Figure 2Prediction of modified Rankin Scale (mRS) at hospital discharge. The outcome variable mRS at discharge was transformed from 6 ordinal classes to a binary class. The good outcome was defined by mRS {0,1,2}, whereas the bad outcome was indicated by mRS {3,4,5,6}. (A) The t-SNE graph shows the distribution of the data. Orange indicates discharge mRS 3-6 and blue represents mRS 0-2. (B) ROC curves for 4 machine learning models. (C) Comparisons of AUC between the data with and without normalization of numerical features. (D) AUC for different amounts of data. AUC: area under the curve; DNN: deep neural network; LGBM; light gradient boosting machine; mRS: modified Rankin Scale; RF: random forest; ROC: receiver operating characteristic; SVM: support vector machine; t-SNE: t-distributed stochastic neighbor embedding.
Figure 3Feature importance for predicting modified Rankin Scale at hospital discharge. (A) Top 5 important features of random forest and light gradient boosting machine. SHapley Additive exPlanations of (B) random forest and (C) light gradient boosting machine. Red indicates higher feature sample values, and blue indicates lower feature sample values. For example, the higher the total National Institutes of Health Stroke Scale scores at emergency room and at ward admission, the more severe would be the stroke outcome. ALT: alanine transaminase; APTT: activated partial thromboplastin time; DM: diabetes mellitus; ER: emergency room; LGBM: light gradient boosting machine; LOC: level of consciousness; NIHSS: National Institutes of Health Stroke Scale; RF: random forest; SHAP: SHapley Additive exPlanations. Wd: ward.
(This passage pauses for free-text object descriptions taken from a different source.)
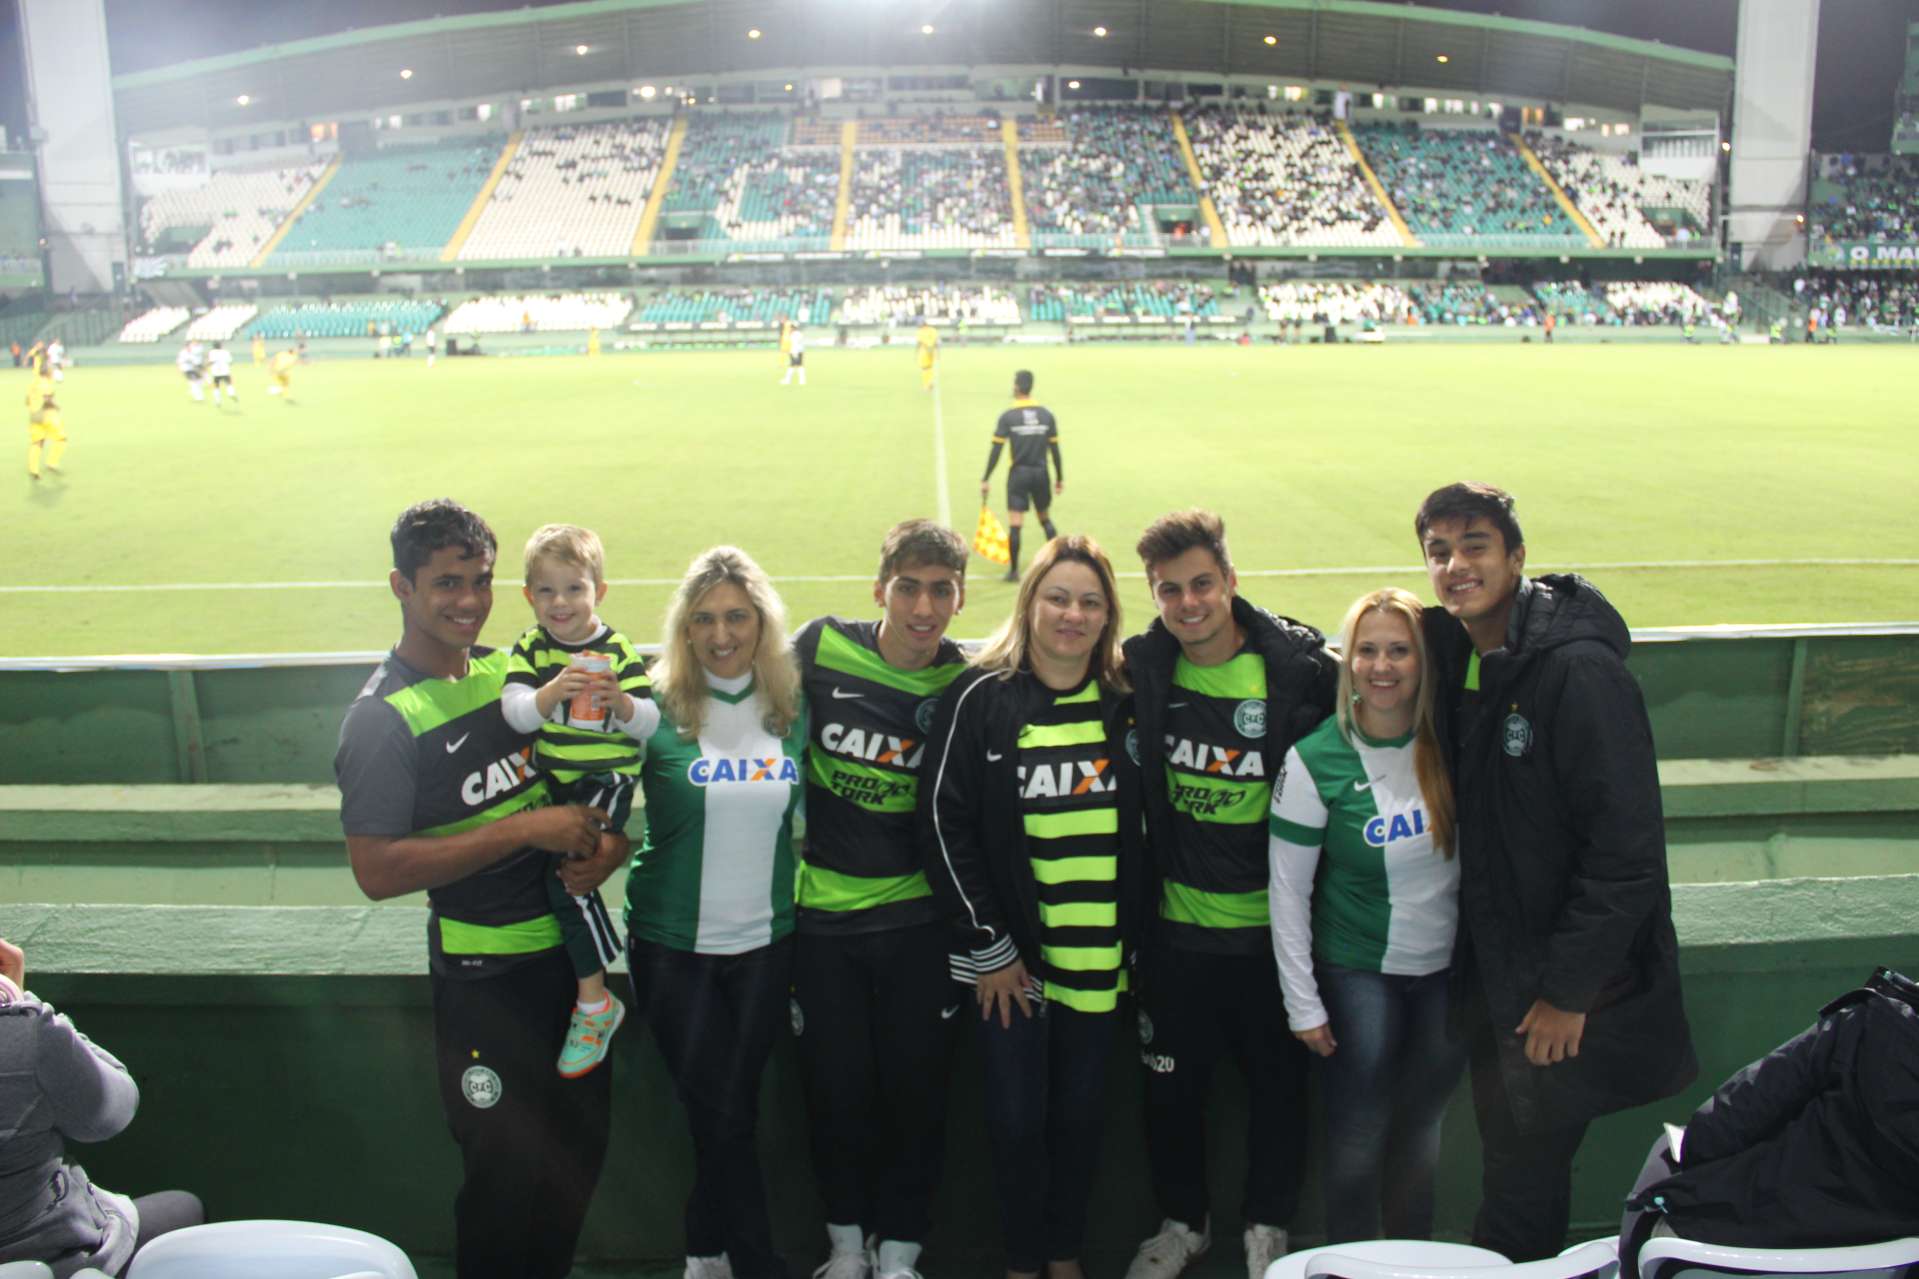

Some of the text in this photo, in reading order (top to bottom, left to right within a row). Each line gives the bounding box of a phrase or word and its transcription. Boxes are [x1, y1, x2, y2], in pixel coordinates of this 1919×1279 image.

[688, 757, 799, 786] CAIXA
[832, 770, 880, 789] PRO
[1017, 758, 1117, 799] AIX
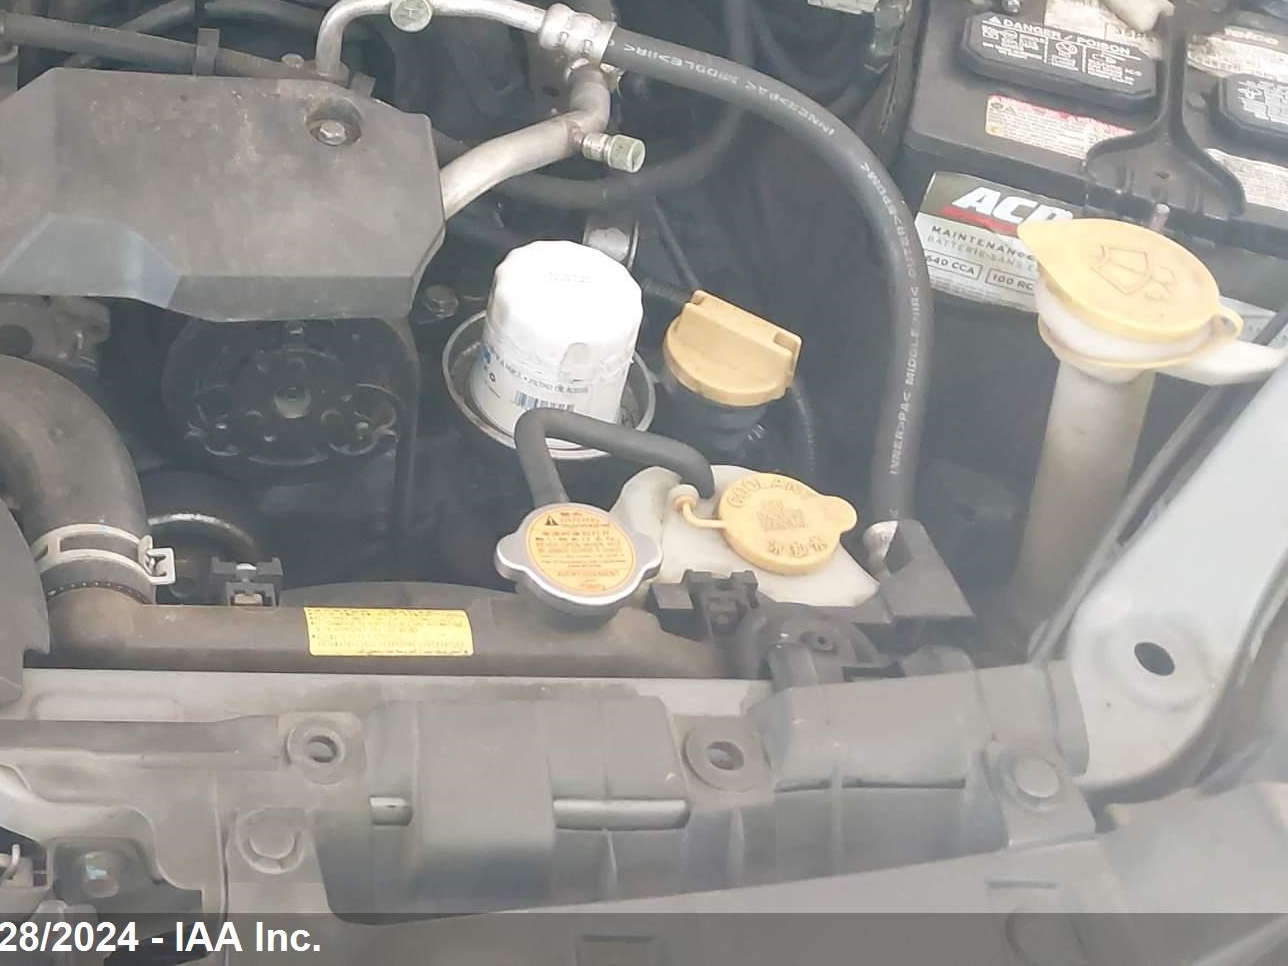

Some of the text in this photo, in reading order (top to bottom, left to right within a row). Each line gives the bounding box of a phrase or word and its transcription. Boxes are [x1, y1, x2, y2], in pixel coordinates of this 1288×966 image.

[1003, 18, 1061, 40] DANGER
[1076, 36, 1130, 56] POISON
[951, 262, 976, 275] CCA
[992, 274, 1015, 285] 100
Figure 4Prediction of in-hospital deterioration. (A) Visualization by t-distributed stochastic neighbor embedding of the original sample shows an imbalanced outcome. The 3 resampling methods processed the imbalanced data with (B) random under sampling decreasing the majority class, (C) random over sampling increasing the minority class, and (D) synthetic minority over-sampling technique with nominal continuous data synthesis from the minority class. (E) Receiver operating characteristic curves for predicting in-hospital deterioration from the data without resampling. (F) Comparison of the area under the curve in the different resampling methods. Random under sampling was a reasonable choice for resampling. It improved the performance of the random forest, light gradient boosting machine, and support vector machine models, but not the deep neural network. The deep neural network performed better on the original data set than on the resampled data set. DNN: deep neural network; LGBM: light gradient boosting machine; RF: random forest; ROC: receiver operating characteristic; ROS: random over sampling; RUS: random under sampling; SMOTE-NC: synthetic minority over-sampling technique-nominal continuous; SVM: support vector machine.
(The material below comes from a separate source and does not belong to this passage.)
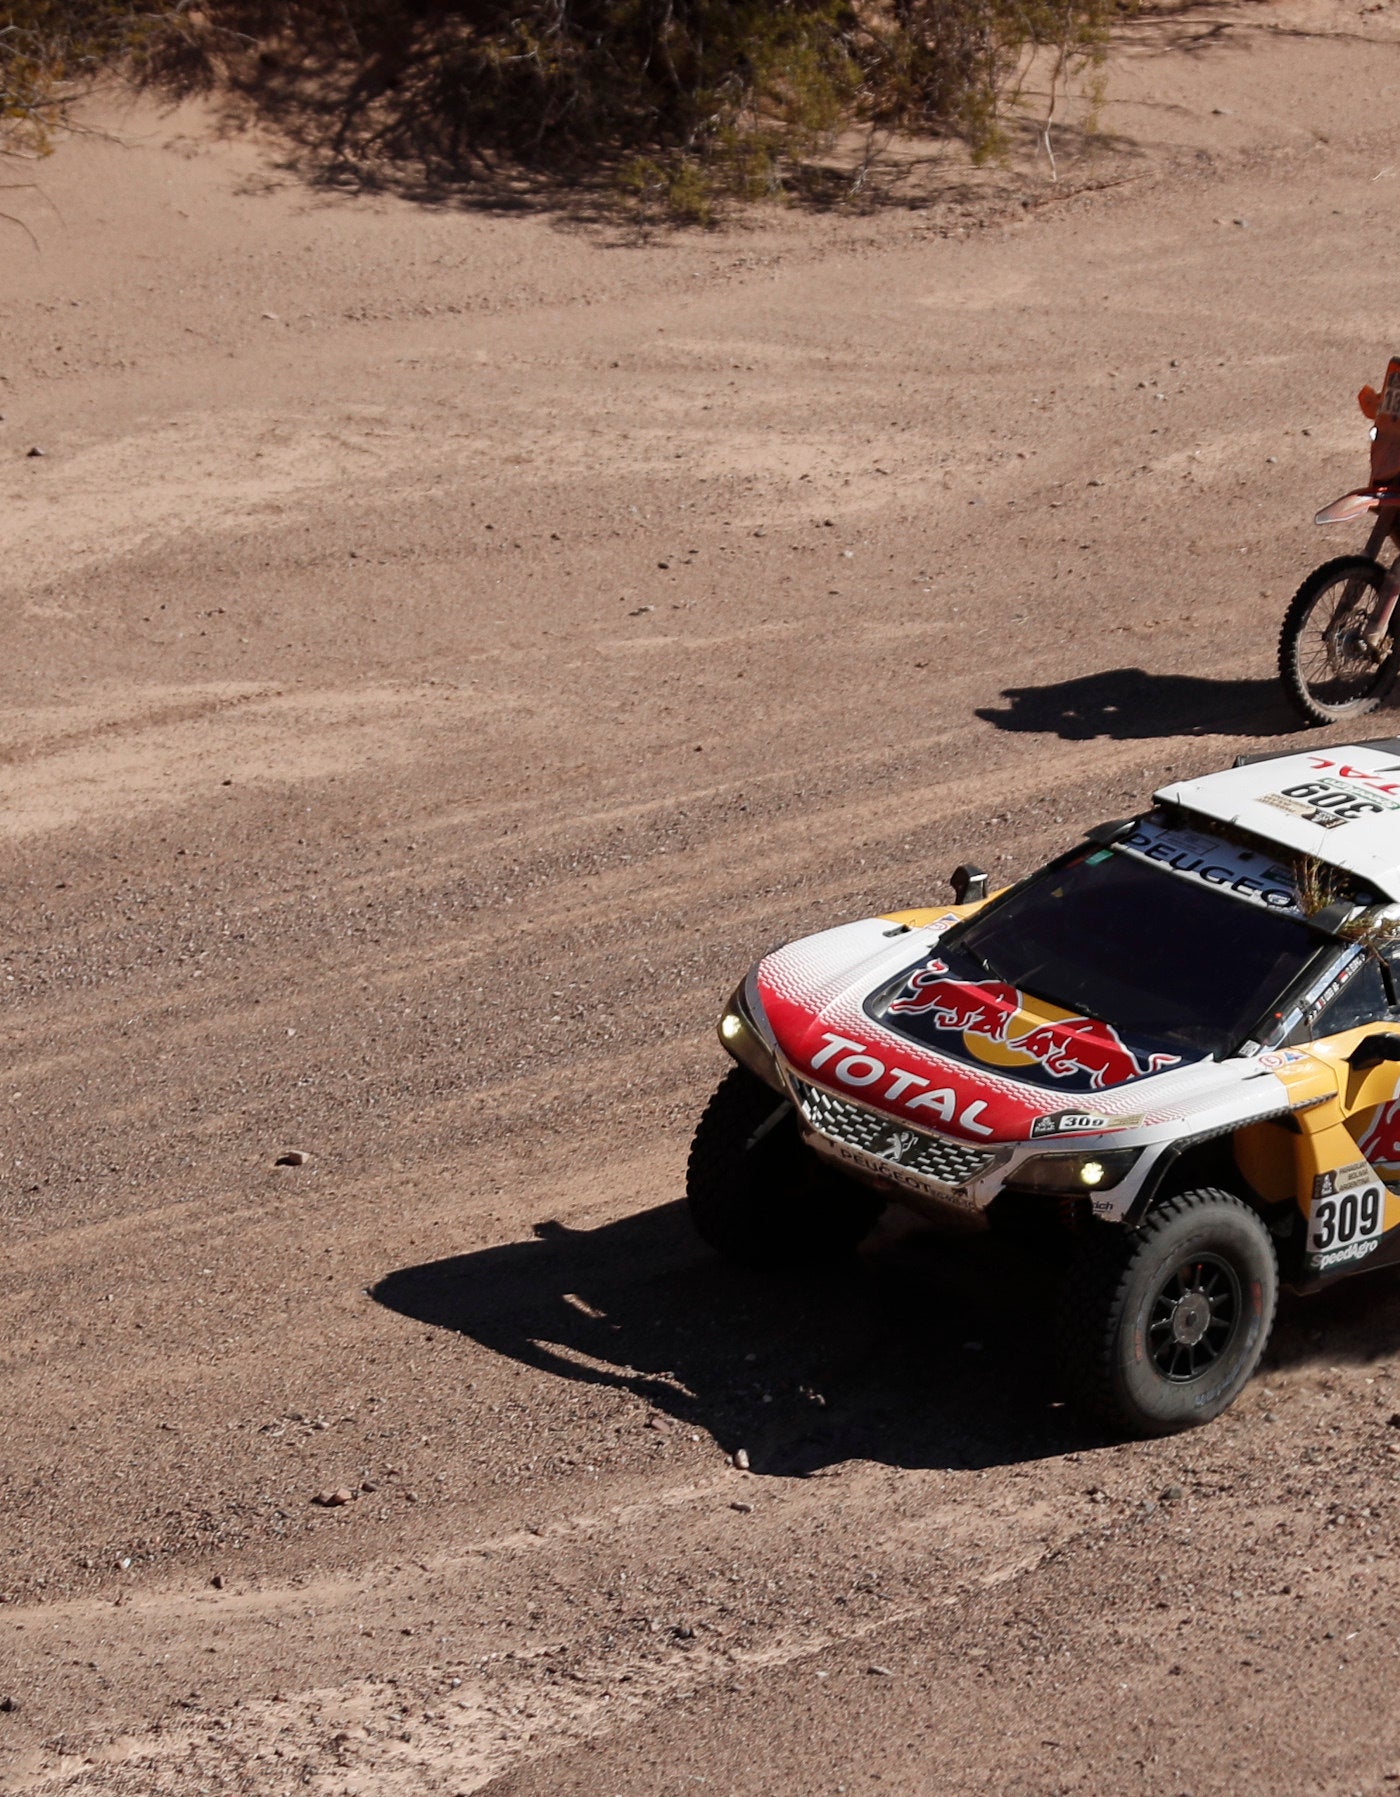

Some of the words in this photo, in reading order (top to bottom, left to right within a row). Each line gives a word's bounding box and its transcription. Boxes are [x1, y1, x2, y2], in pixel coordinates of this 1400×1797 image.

[1281, 782, 1384, 819] 309
[810, 1032, 994, 1136] TOTAL
[1313, 1186, 1379, 1249] 309
[1310, 1240, 1378, 1270] SpeedAgro
Figure 5Feature importance for predicting in-hospital deterioration (without resampling). (A) Top 5 important features include initial systolic blood pressure at hospital admission in random forest and light gradient boosting machine. National Institutes of Health Stroke Scale total score at ward admission is also an important feature in both models. SHapley Additive exPlanations of (B) random forest and of (C) light gradient boosting machine. ALT: alanine transaminase; APTT: activated partial thromboplastin time; BUN: blood urea nitrogen; DBP: diastolic blood pressure; DM: diabetes mellitus; ER: emergency room; HDL: high-density lipoprotein; LDL: low-density lipoprotein; NIHSS: National Institutes of Health Stroke Scale; PT: prothrombin time; RBC: red blood cell; SBP: systolic blood pressure; WBC: white blood cell; Wd: ward.